-------- Input

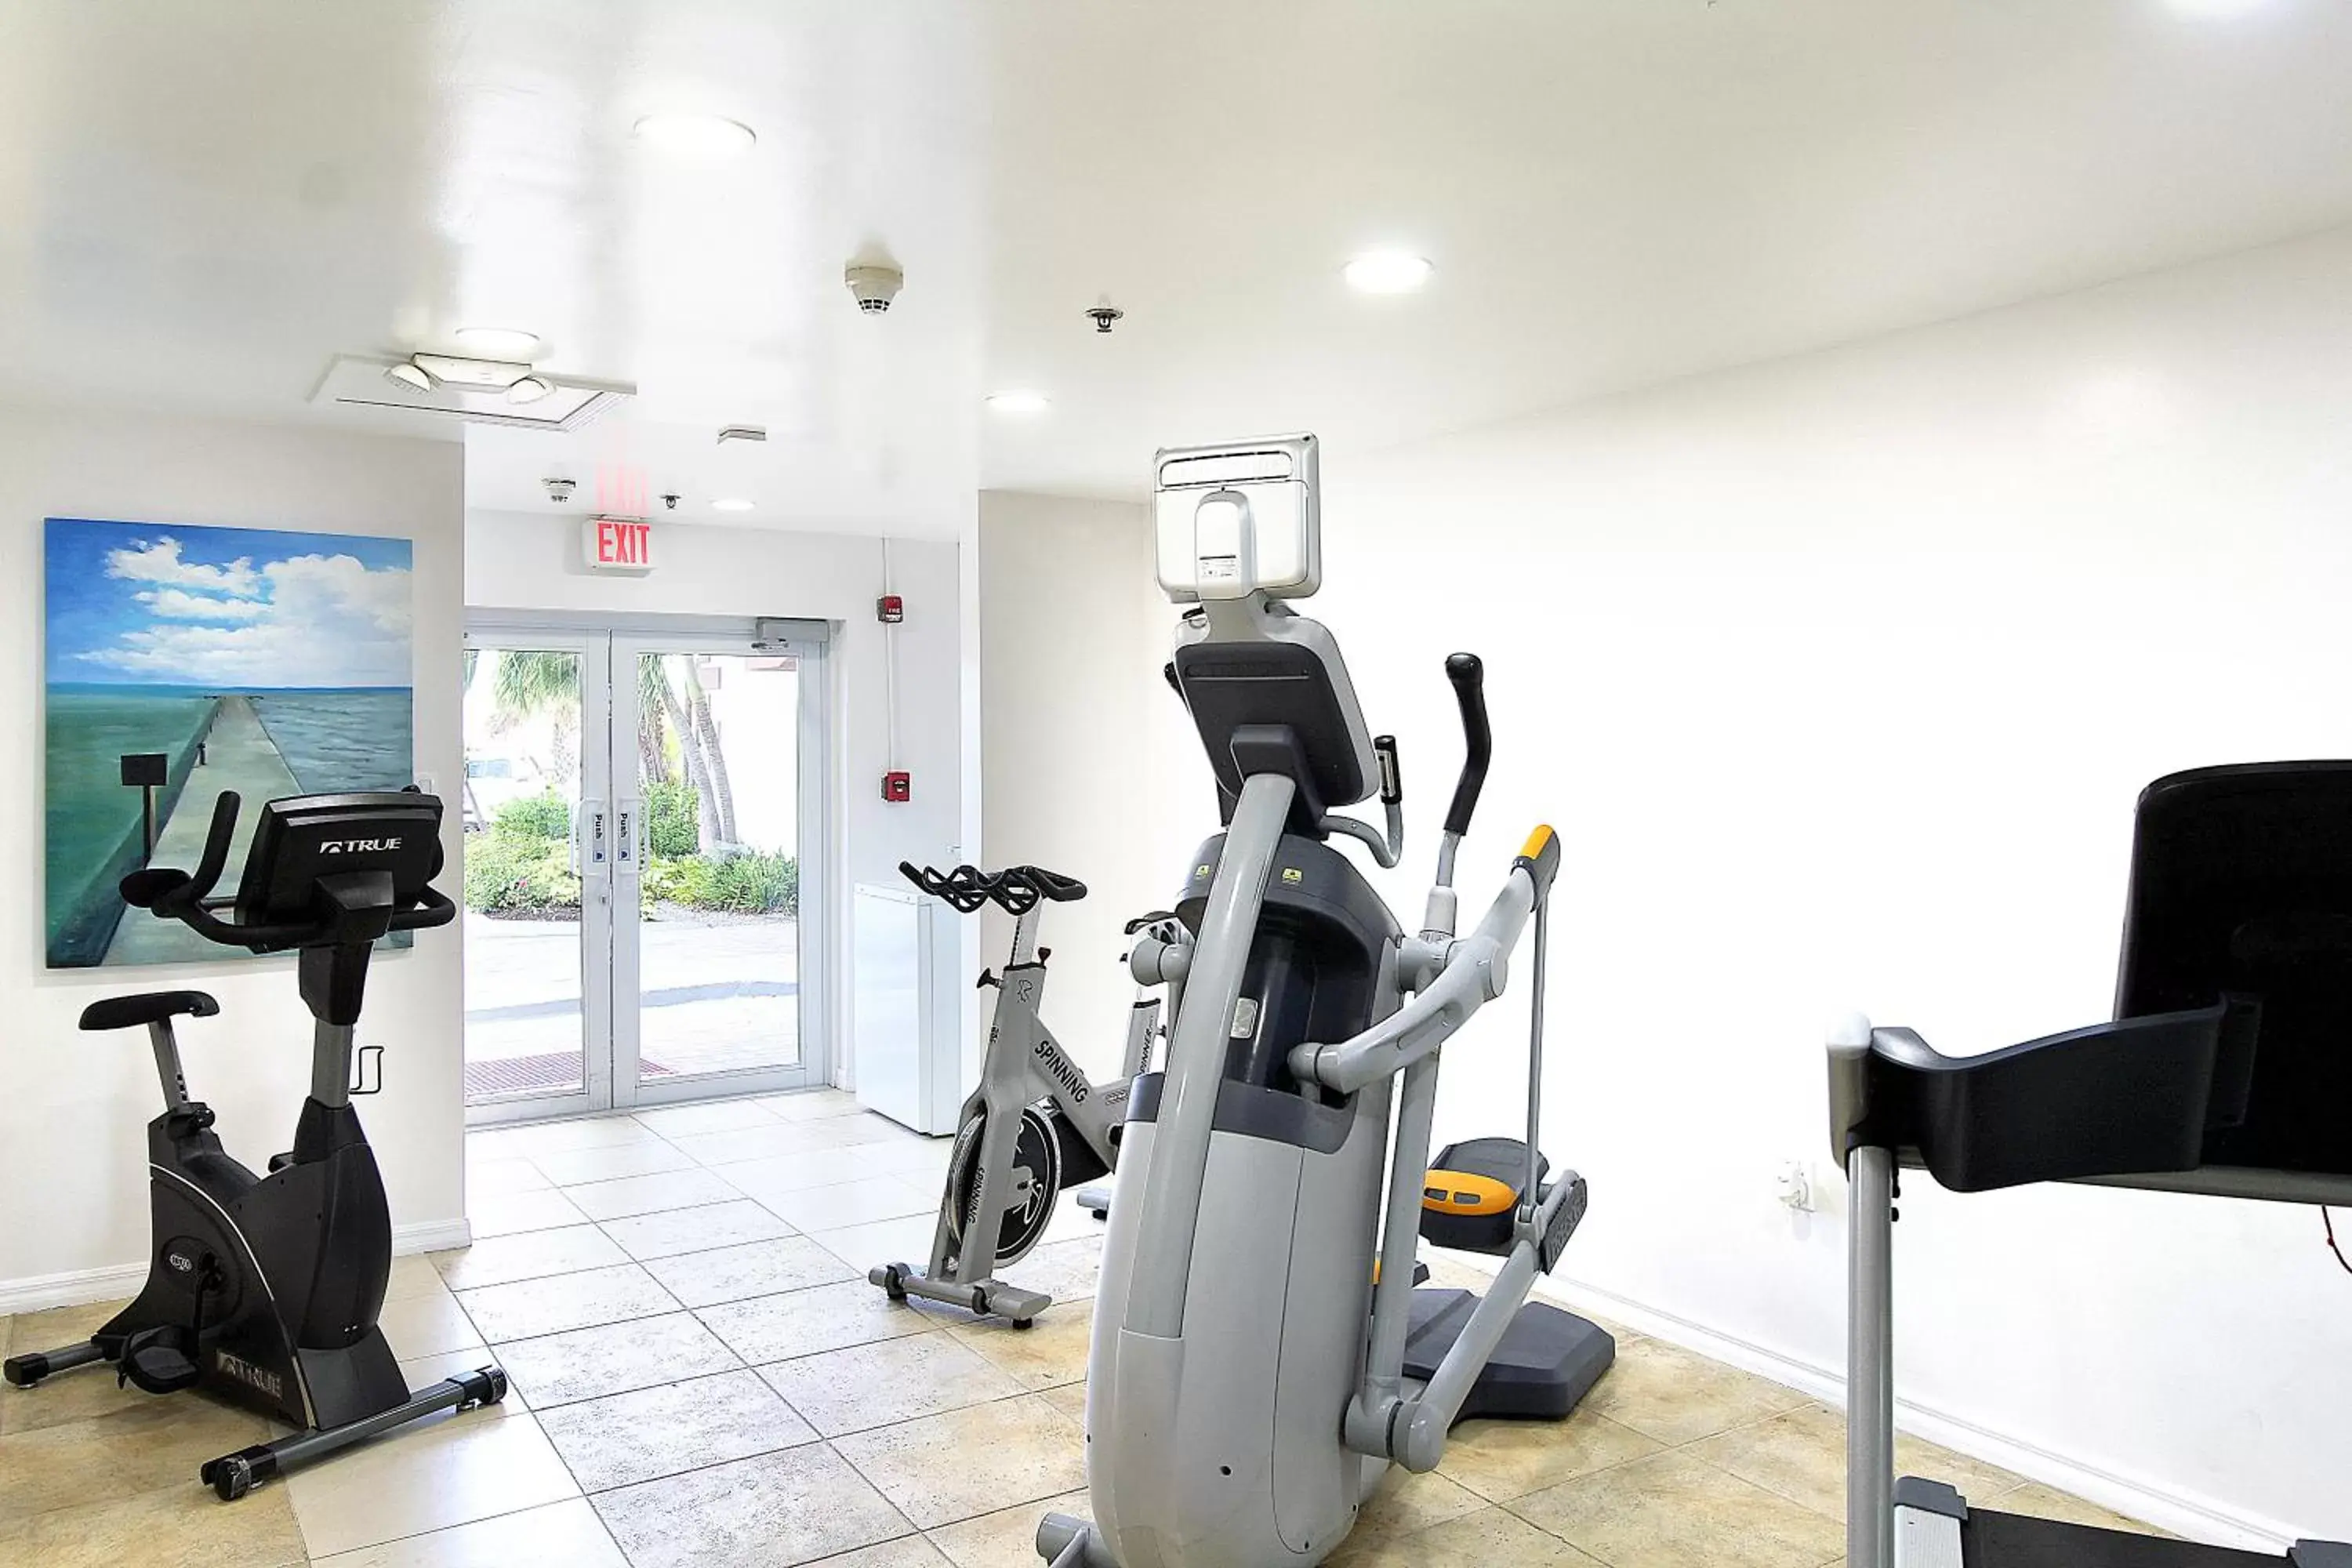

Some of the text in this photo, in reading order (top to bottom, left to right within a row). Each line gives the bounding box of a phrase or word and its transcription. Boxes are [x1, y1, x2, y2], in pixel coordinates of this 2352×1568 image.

[597, 523, 650, 564] EXIT
[344, 837, 401, 852] TRUE
[1035, 1040, 1087, 1102] SPINNING
[1139, 1028, 1152, 1073] PINNER
[967, 1167, 985, 1224] SPINNING

----------------

» Exercise details
Where a picture appears in the listing above, skip it and set down all the rest exactly.

» Solution to this task
Some of the text in this photo, in reading order (top to bottom, left to right within a row). Each line gives the bounding box of a phrase or word and its transcription. Boxes are [x1, y1, x2, y2], in pixel coordinates of this 2352×1568 image.

[597, 523, 650, 564] EXIT
[344, 837, 401, 852] TRUE
[1035, 1040, 1087, 1102] SPINNING
[1139, 1028, 1152, 1073] PINNER
[967, 1167, 985, 1224] SPINNING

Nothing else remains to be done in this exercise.